------ DATASET EXTRACT ------

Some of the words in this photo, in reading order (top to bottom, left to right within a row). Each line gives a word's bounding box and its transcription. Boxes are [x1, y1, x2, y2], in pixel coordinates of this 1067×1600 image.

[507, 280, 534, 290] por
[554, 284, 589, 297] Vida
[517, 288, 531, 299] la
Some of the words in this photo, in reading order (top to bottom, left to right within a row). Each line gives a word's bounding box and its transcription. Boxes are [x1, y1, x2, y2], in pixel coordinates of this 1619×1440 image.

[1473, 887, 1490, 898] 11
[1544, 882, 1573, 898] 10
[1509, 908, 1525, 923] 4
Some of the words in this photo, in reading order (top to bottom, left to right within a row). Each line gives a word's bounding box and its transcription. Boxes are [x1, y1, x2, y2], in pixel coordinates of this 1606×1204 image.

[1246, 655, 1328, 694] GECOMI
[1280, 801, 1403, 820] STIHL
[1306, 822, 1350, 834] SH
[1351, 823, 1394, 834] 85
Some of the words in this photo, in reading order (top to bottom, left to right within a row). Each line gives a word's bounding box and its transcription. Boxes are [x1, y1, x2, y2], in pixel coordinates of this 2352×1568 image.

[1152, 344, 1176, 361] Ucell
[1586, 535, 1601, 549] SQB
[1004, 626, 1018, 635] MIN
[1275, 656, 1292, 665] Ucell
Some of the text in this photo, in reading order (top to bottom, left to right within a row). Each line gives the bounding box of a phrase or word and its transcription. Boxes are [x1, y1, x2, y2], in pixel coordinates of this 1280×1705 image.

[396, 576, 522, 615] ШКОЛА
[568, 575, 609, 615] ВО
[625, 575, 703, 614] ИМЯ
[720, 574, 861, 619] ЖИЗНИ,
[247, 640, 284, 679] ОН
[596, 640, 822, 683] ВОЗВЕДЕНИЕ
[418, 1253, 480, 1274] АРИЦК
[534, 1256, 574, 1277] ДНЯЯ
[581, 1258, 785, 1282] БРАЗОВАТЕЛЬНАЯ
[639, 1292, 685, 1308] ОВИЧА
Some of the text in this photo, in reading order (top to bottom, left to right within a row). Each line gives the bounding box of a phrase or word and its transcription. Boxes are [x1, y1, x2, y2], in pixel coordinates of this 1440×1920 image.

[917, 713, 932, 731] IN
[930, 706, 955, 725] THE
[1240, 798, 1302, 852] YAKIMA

------

- _EXERCISE_:
What do the records say? Quote them all exactly.

- _REPLY_:
Some of the words in this photo, in reading order (top to bottom, left to right within a row). Each line gives a word's bounding box and its transcription. Boxes are [x1, y1, x2, y2], in pixel coordinates of this 1067×1600 image.

[507, 280, 534, 290] por
[554, 284, 589, 297] Vida
[517, 288, 531, 299] la
Some of the words in this photo, in reading order (top to bottom, left to right within a row). Each line gives a word's bounding box and its transcription. Boxes are [x1, y1, x2, y2], in pixel coordinates of this 1619×1440 image.

[1473, 887, 1490, 898] 11
[1544, 882, 1573, 898] 10
[1509, 908, 1525, 923] 4
Some of the words in this photo, in reading order (top to bottom, left to right within a row). Each line gives a word's bounding box and its transcription. Boxes are [x1, y1, x2, y2], in pixel coordinates of this 1606×1204 image.

[1246, 655, 1328, 694] GECOMI
[1280, 801, 1403, 820] STIHL
[1306, 822, 1350, 834] SH
[1351, 823, 1394, 834] 85
Some of the words in this photo, in reading order (top to bottom, left to right within a row). Each line gives a word's bounding box and its transcription. Boxes are [x1, y1, x2, y2], in pixel coordinates of this 2352×1568 image.

[1152, 344, 1176, 361] Ucell
[1586, 535, 1601, 549] SQB
[1004, 626, 1018, 635] MIN
[1275, 656, 1292, 665] Ucell
Some of the text in this photo, in reading order (top to bottom, left to right within a row). Each line gives the bounding box of a phrase or word and its transcription. Boxes are [x1, y1, x2, y2], in pixel coordinates of this 1280×1705 image.

[396, 576, 522, 615] ШКОЛА
[568, 575, 609, 615] ВО
[625, 575, 703, 614] ИМЯ
[720, 574, 861, 619] ЖИЗНИ,
[247, 640, 284, 679] ОН
[596, 640, 822, 683] ВОЗВЕДЕНИЕ
[418, 1253, 480, 1274] АРИЦК
[534, 1256, 574, 1277] ДНЯЯ
[581, 1258, 785, 1282] БРАЗОВАТЕЛЬНАЯ
[639, 1292, 685, 1308] ОВИЧА
Some of the text in this photo, in reading order (top to bottom, left to right within a row). Each line gives the bounding box of a phrase or word and its transcription. Boxes are [x1, y1, x2, y2], in pixel coordinates of this 1440×1920 image.

[917, 713, 932, 731] IN
[930, 706, 955, 725] THE
[1240, 798, 1302, 852] YAKIMA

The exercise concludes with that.